AIM OF THE TASK => Without any images, write the data out exactly as it appears.

(Beginning of WORKING DATA)

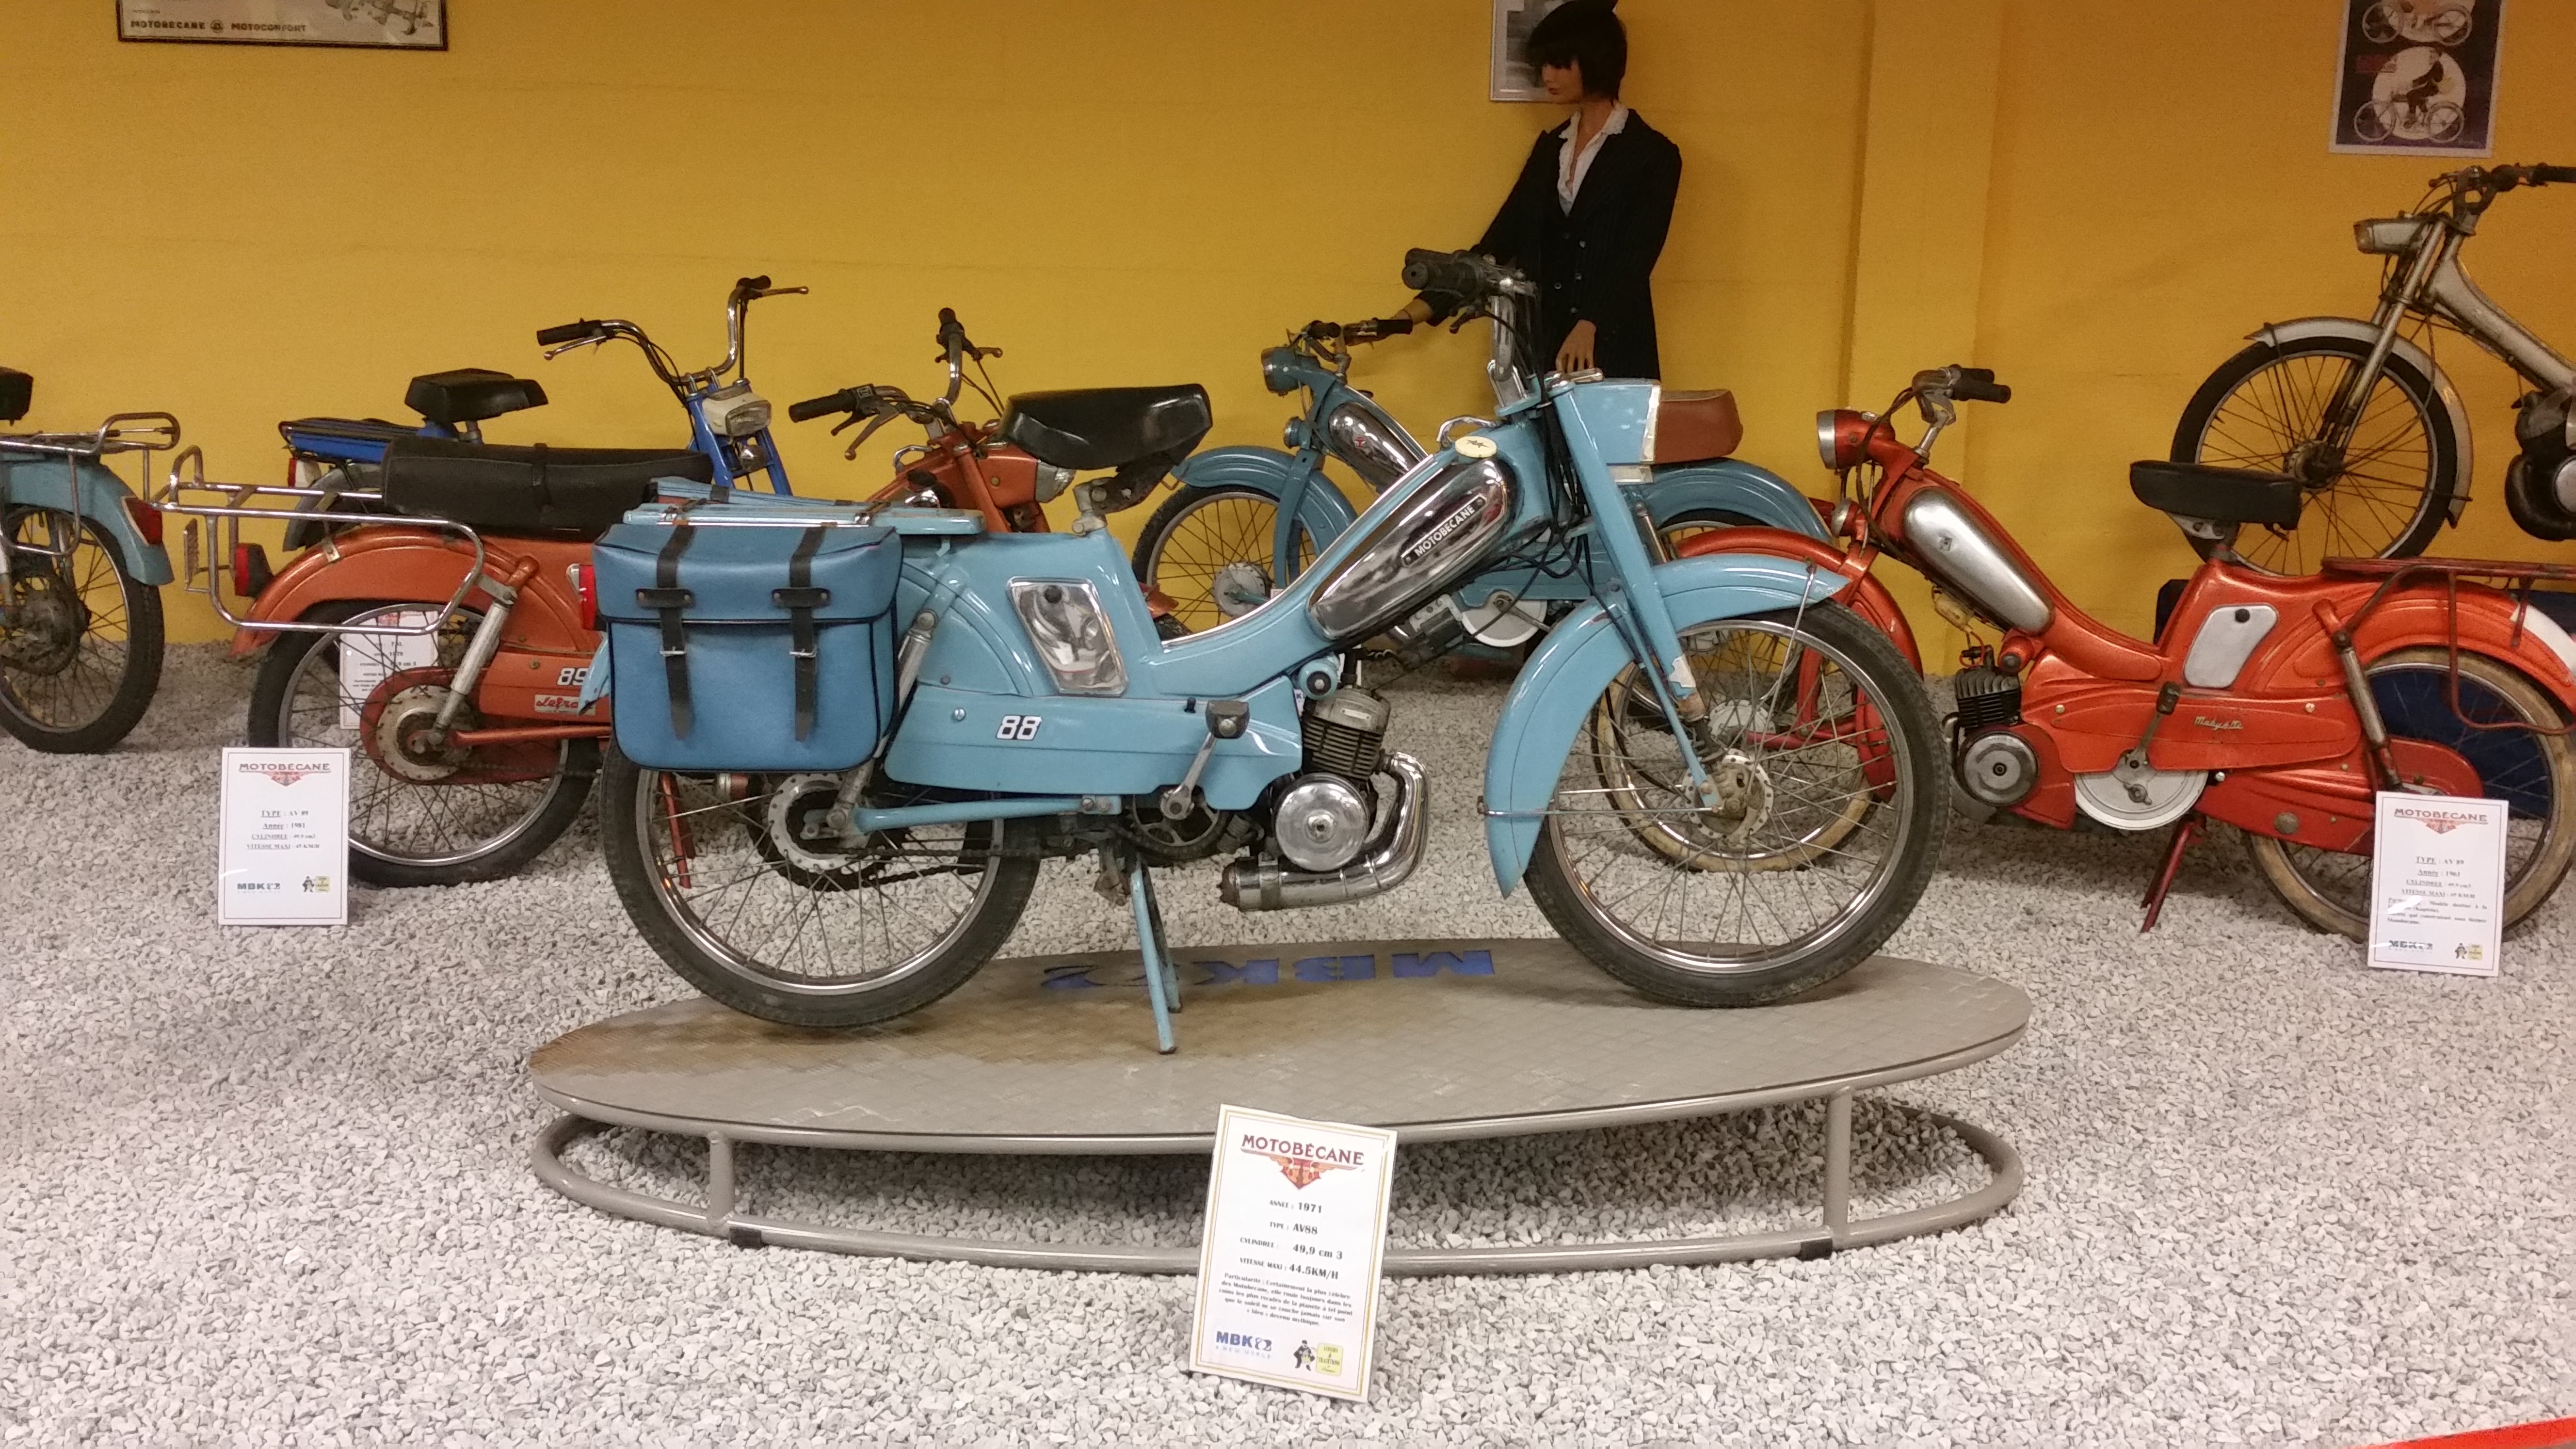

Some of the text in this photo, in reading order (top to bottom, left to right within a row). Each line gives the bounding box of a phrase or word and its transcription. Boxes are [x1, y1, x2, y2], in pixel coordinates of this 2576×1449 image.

[1414, 505, 1475, 557] MOTOBECANE
[997, 715, 1042, 740] 88
[1298, 1202, 1322, 1213] 1971
[1270, 1221, 1284, 1229] TYPE
[1293, 1223, 1318, 1235] AV88
[1293, 1243, 1315, 1255] 49,9
[1319, 1250, 1333, 1258] cm
[1336, 1251, 1343, 1259] 3
[1267, 1261, 1283, 1270] MAXI
[1289, 1263, 1338, 1280] 44.5KM/H
[1300, 1294, 1325, 1303] toujours
[1270, 1312, 1290, 1321] devenu
[1216, 1331, 1253, 1348] MBK
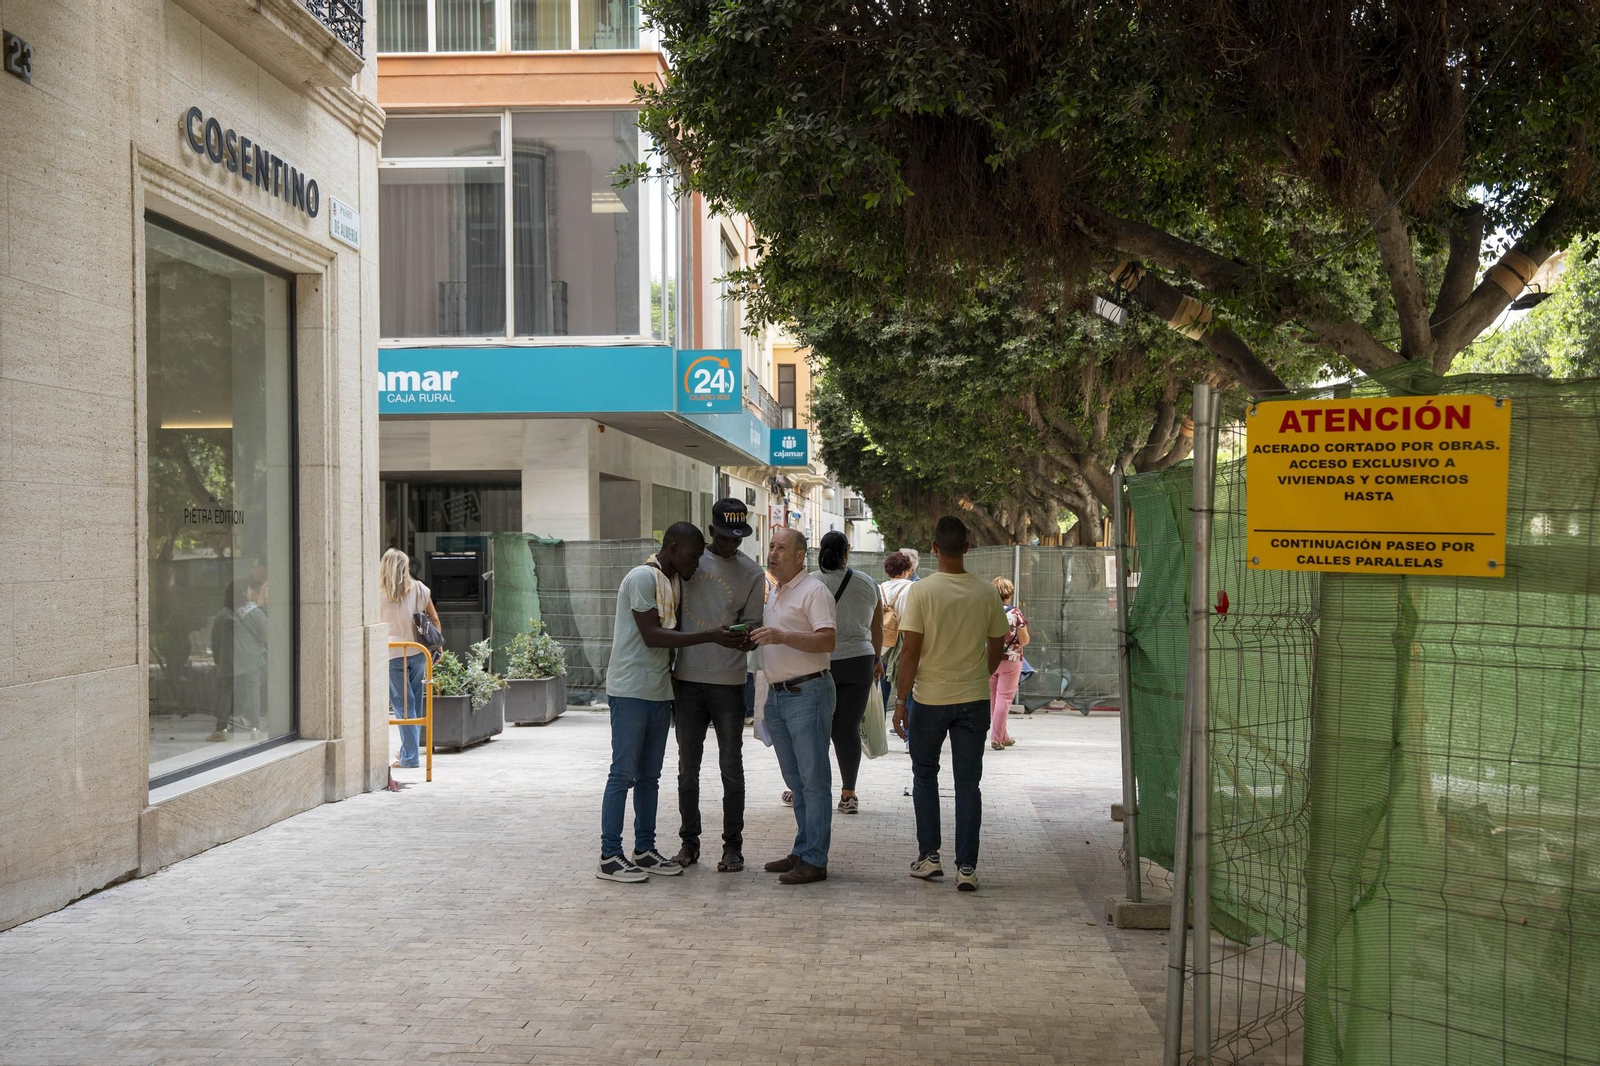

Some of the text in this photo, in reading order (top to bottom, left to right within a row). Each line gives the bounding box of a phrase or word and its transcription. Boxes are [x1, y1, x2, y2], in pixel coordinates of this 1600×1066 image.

(End of WORKING DATA)

SOLVED EXERCISE =>
Some of the text in this photo, in reading order (top to bottom, left to right within a row). Each line gives the bounding box of a phrase or word and its transcription. Boxes are [x1, y1, x2, y2], in pixel coordinates of this 2576×1449 image.

[1414, 505, 1475, 557] MOTOBECANE
[997, 715, 1042, 740] 88
[1298, 1202, 1322, 1213] 1971
[1270, 1221, 1284, 1229] TYPE
[1293, 1223, 1318, 1235] AV88
[1293, 1243, 1315, 1255] 49,9
[1319, 1250, 1333, 1258] cm
[1336, 1251, 1343, 1259] 3
[1267, 1261, 1283, 1270] MAXI
[1289, 1263, 1338, 1280] 44.5KM/H
[1300, 1294, 1325, 1303] toujours
[1270, 1312, 1290, 1321] devenu
[1216, 1331, 1253, 1348] MBK

Some of the text in this photo, in reading order (top to bottom, left to right within a row). Each line gives the bounding box of a phrase or word and its transcription. Boxes are [x1, y1, x2, y2], in pixel coordinates of this 1600×1066 image.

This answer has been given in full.